• [What is being asked]
Without changing a thing, reproduce the entire listing and leave out its pictures.

=== Begin Enclosure ===

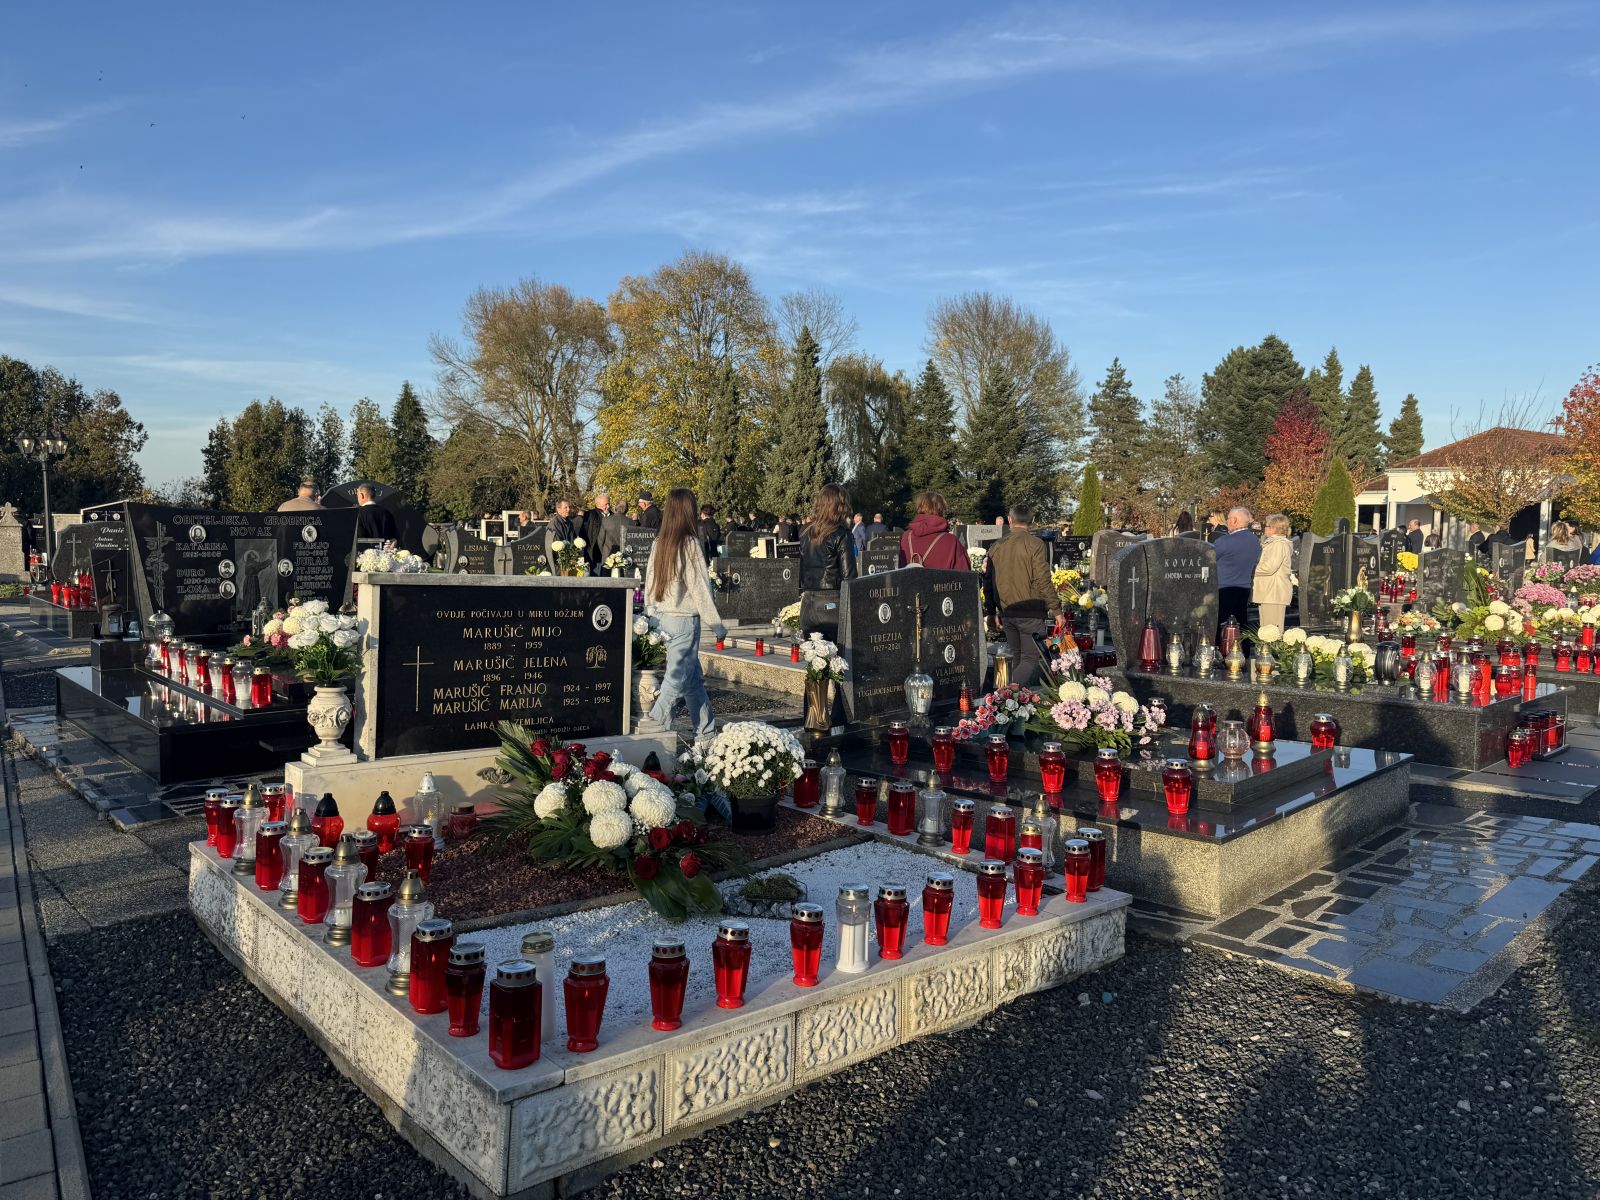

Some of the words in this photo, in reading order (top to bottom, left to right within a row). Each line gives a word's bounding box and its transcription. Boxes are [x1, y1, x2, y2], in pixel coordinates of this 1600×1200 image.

[263, 516, 323, 526] GROBNICA
[230, 526, 272, 536] NOVAK
[176, 542, 229, 551] KATARINA
[292, 542, 330, 550] FRANJO
[869, 586, 900, 598] OBITELJ
[436, 610, 466, 619] OVDJE
[470, 608, 513, 618] POČIVAJU
[518, 610, 524, 618] U
[528, 610, 550, 618] MIRU
[554, 608, 584, 618] BOŽJEM
[462, 624, 524, 639] MARUŠIĆ
[531, 626, 562, 638] MIJO
[932, 625, 966, 636] STANISLAV
[870, 632, 902, 643] TEREZIJA
[484, 642, 502, 650] 1889
[524, 641, 543, 649] 1959
[453, 656, 516, 672] MARUŠIĆ
[522, 656, 568, 669] JELENA
[483, 674, 501, 682] 1896
[524, 672, 543, 680] 1946
[432, 683, 491, 700] MARUŠIĆ
[500, 682, 547, 696] FRANJO
[563, 684, 580, 693] 1924
[594, 682, 612, 691] 1997
[432, 698, 492, 715] MARUŠIĆ
[500, 697, 542, 710] MARIJA
[562, 698, 580, 706] 1925
[594, 696, 611, 704] 1996
[464, 722, 495, 731] LAHKA
[514, 716, 554, 726] ZEMLJICA
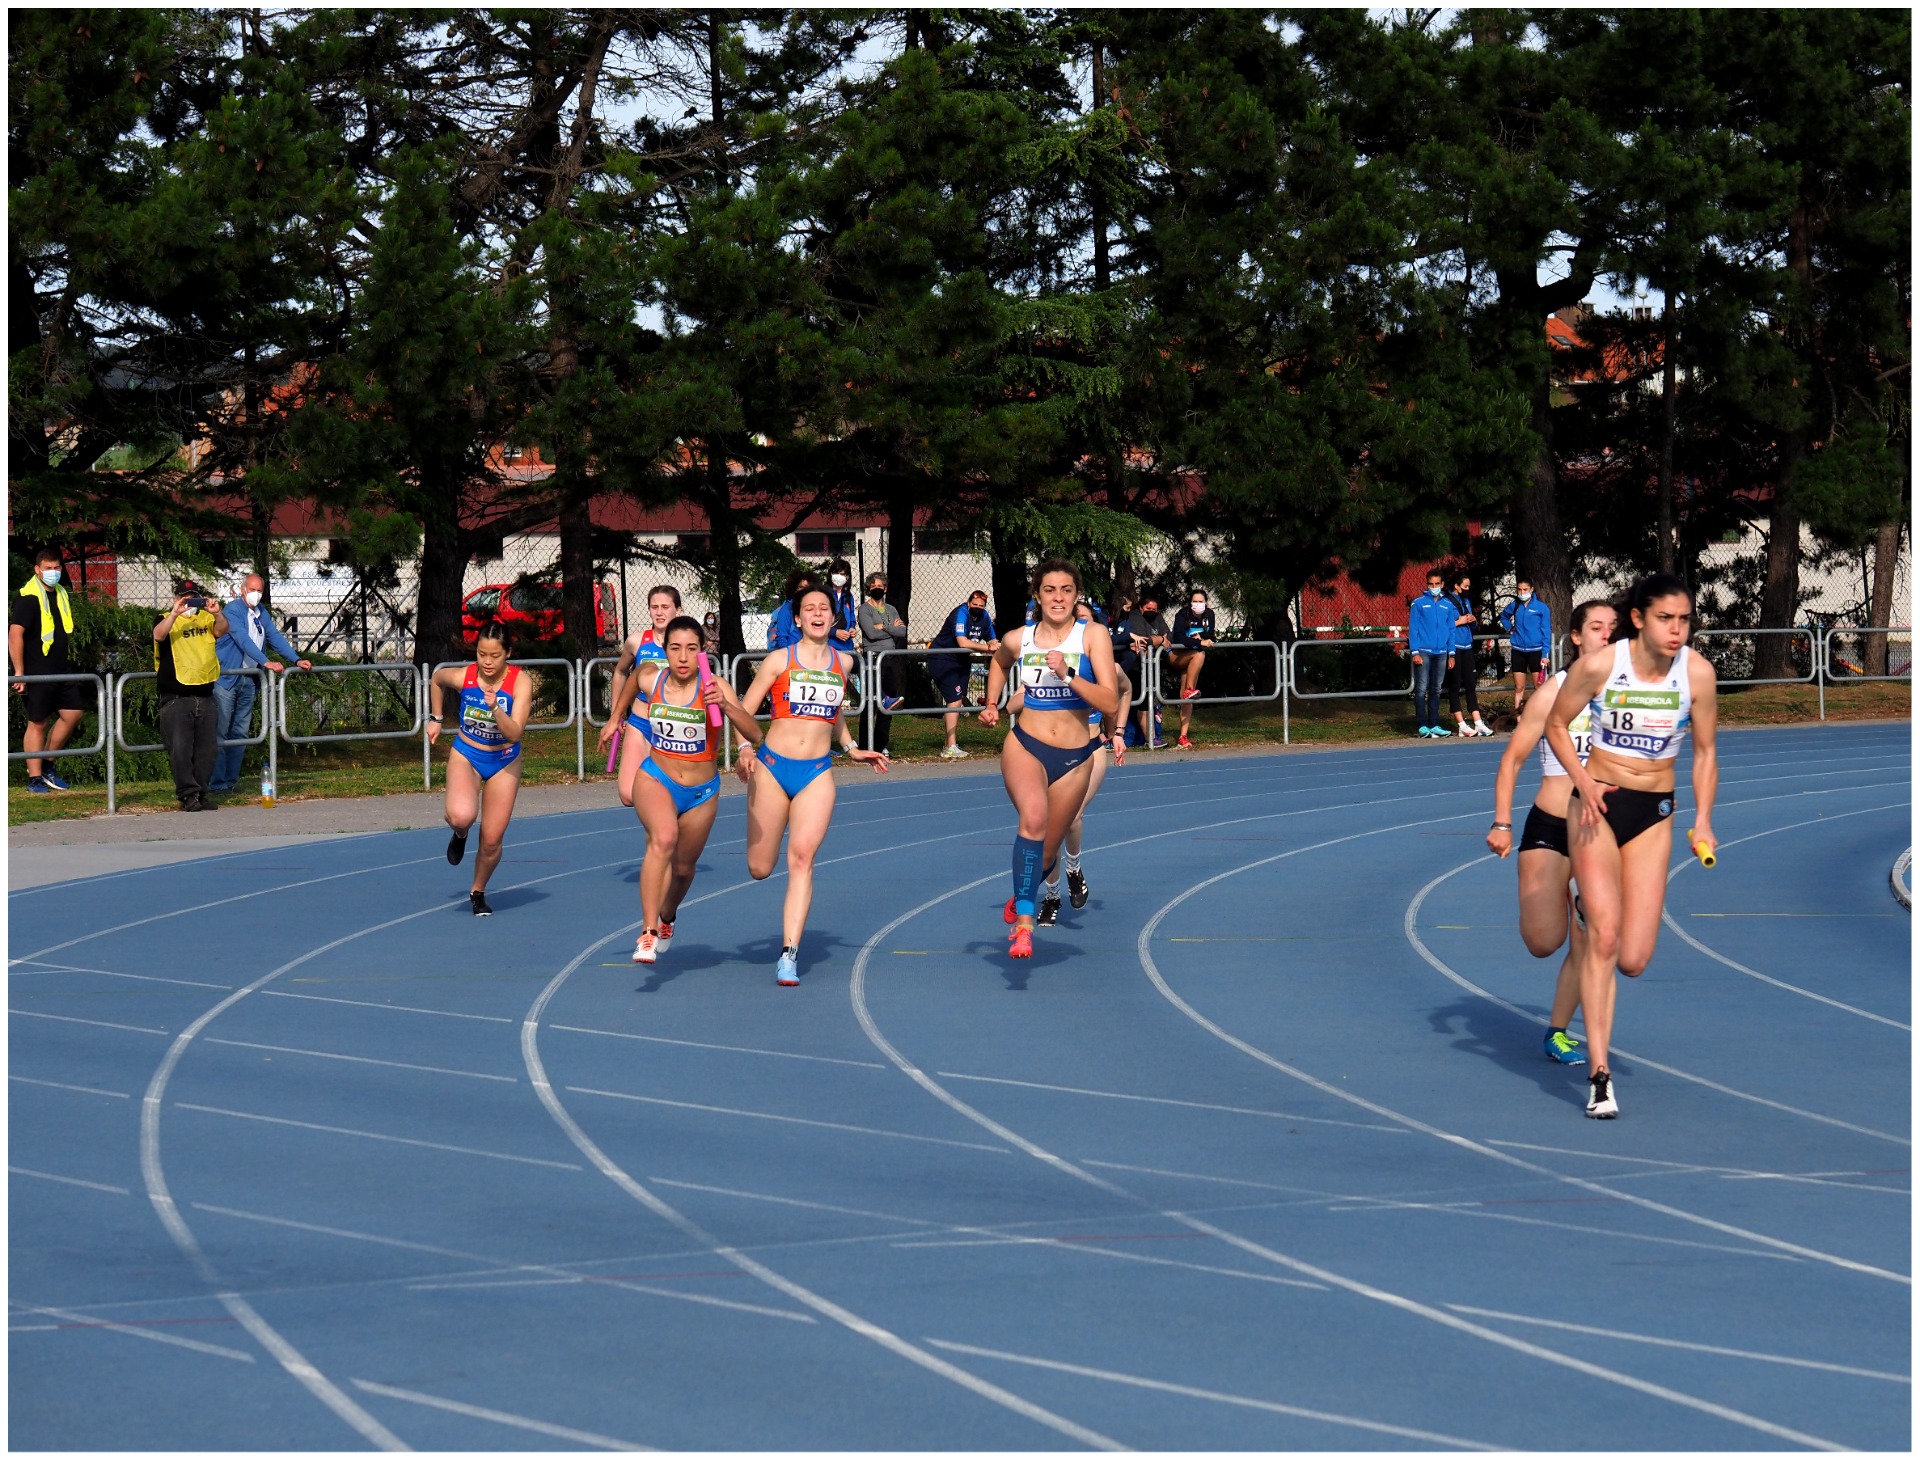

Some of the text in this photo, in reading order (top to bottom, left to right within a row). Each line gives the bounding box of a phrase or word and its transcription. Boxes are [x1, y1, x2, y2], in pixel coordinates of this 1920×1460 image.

[808, 674, 839, 683] IBERDROLA
[1034, 668, 1043, 684] 7
[800, 685, 817, 701] 12
[1626, 696, 1673, 706] IBERDROLA
[666, 710, 700, 721] IBERDROLA
[1610, 711, 1634, 731] 18
[468, 726, 503, 739] Joma
[657, 721, 674, 738] 12
[656, 737, 698, 752] Joma
[1608, 734, 1664, 752] Joma
[1019, 848, 1038, 896] Kalenji
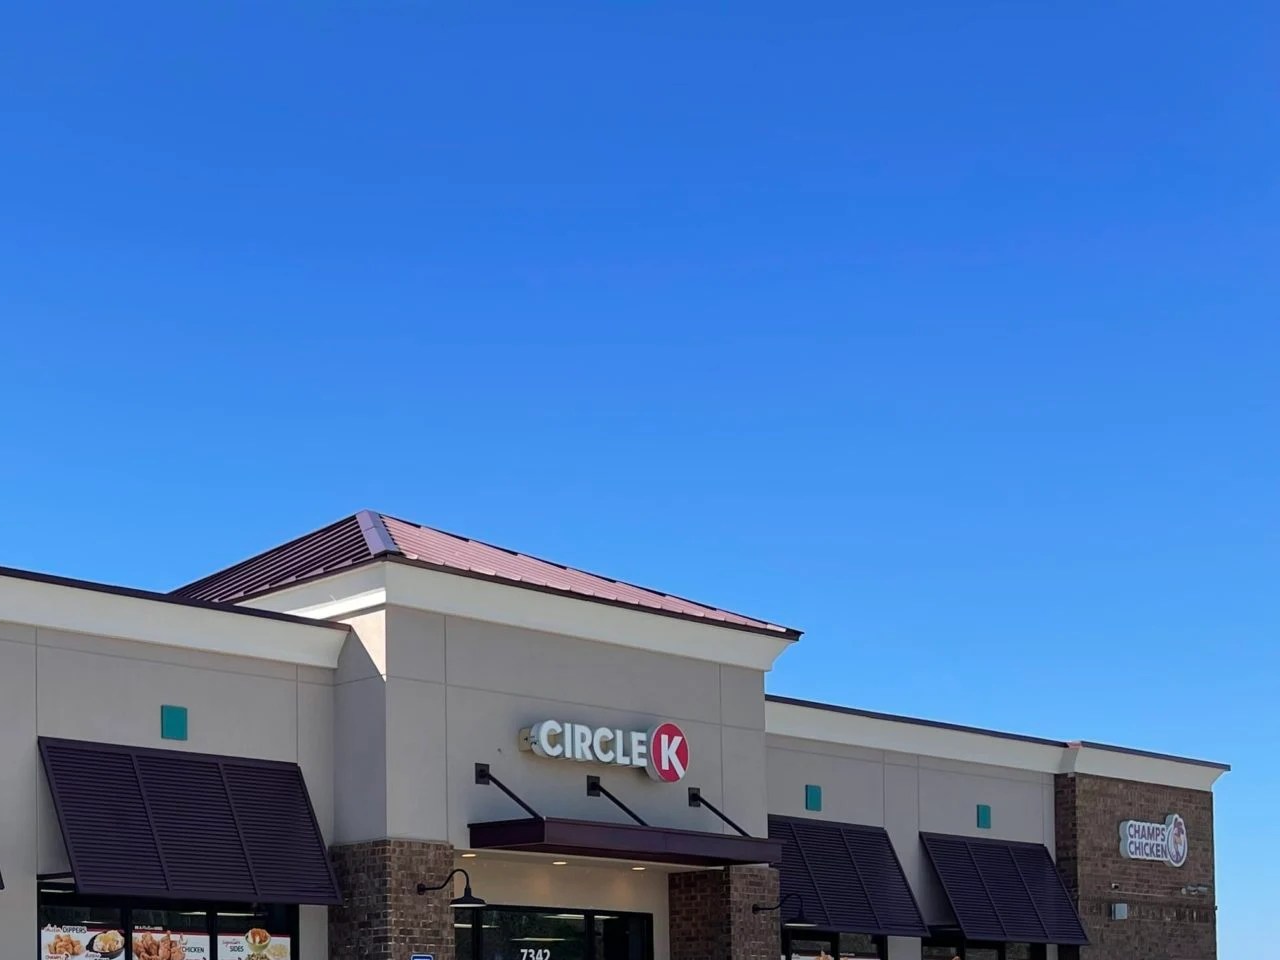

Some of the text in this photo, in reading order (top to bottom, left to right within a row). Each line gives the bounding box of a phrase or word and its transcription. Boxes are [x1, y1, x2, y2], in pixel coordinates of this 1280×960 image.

[540, 719, 686, 779] CIRCLE K
[1127, 823, 1166, 842] CHAMPS
[1127, 841, 1168, 859] CHICKEN

=== End Enclosure ===

• [Response to this task]
Some of the words in this photo, in reading order (top to bottom, left to right within a row). Each line gives a word's bounding box and its transcription. Boxes are [x1, y1, x2, y2], in pixel coordinates of this 1600×1200 image.

[263, 516, 323, 526] GROBNICA
[230, 526, 272, 536] NOVAK
[176, 542, 229, 551] KATARINA
[292, 542, 330, 550] FRANJO
[869, 586, 900, 598] OBITELJ
[436, 610, 466, 619] OVDJE
[470, 608, 513, 618] POČIVAJU
[518, 610, 524, 618] U
[528, 610, 550, 618] MIRU
[554, 608, 584, 618] BOŽJEM
[462, 624, 524, 639] MARUŠIĆ
[531, 626, 562, 638] MIJO
[932, 625, 966, 636] STANISLAV
[870, 632, 902, 643] TEREZIJA
[484, 642, 502, 650] 1889
[524, 641, 543, 649] 1959
[453, 656, 516, 672] MARUŠIĆ
[522, 656, 568, 669] JELENA
[483, 674, 501, 682] 1896
[524, 672, 543, 680] 1946
[432, 683, 491, 700] MARUŠIĆ
[500, 682, 547, 696] FRANJO
[563, 684, 580, 693] 1924
[594, 682, 612, 691] 1997
[432, 698, 492, 715] MARUŠIĆ
[500, 697, 542, 710] MARIJA
[562, 698, 580, 706] 1925
[594, 696, 611, 704] 1996
[464, 722, 495, 731] LAHKA
[514, 716, 554, 726] ZEMLJICA

Some of the text in this photo, in reading order (top to bottom, left to right within a row). Each line gives the bounding box of a phrase or word and its transcription. Boxes are [x1, y1, x2, y2], in pixel coordinates of this 1920×1460 image.

[808, 674, 839, 683] IBERDROLA
[1034, 668, 1043, 684] 7
[800, 685, 817, 701] 12
[1626, 696, 1673, 706] IBERDROLA
[666, 710, 700, 721] IBERDROLA
[1610, 711, 1634, 731] 18
[468, 726, 503, 739] Joma
[657, 721, 674, 738] 12
[656, 737, 698, 752] Joma
[1608, 734, 1664, 752] Joma
[1019, 848, 1038, 896] Kalenji

Some of the text in this photo, in reading order (top to bottom, left to right within a row). Each line gives the bounding box of a phrase or word and its transcription. Boxes are [x1, y1, x2, y2], in pixel coordinates of this 1280×960 image.

[540, 719, 686, 779] CIRCLE K
[1127, 823, 1166, 842] CHAMPS
[1127, 841, 1168, 859] CHICKEN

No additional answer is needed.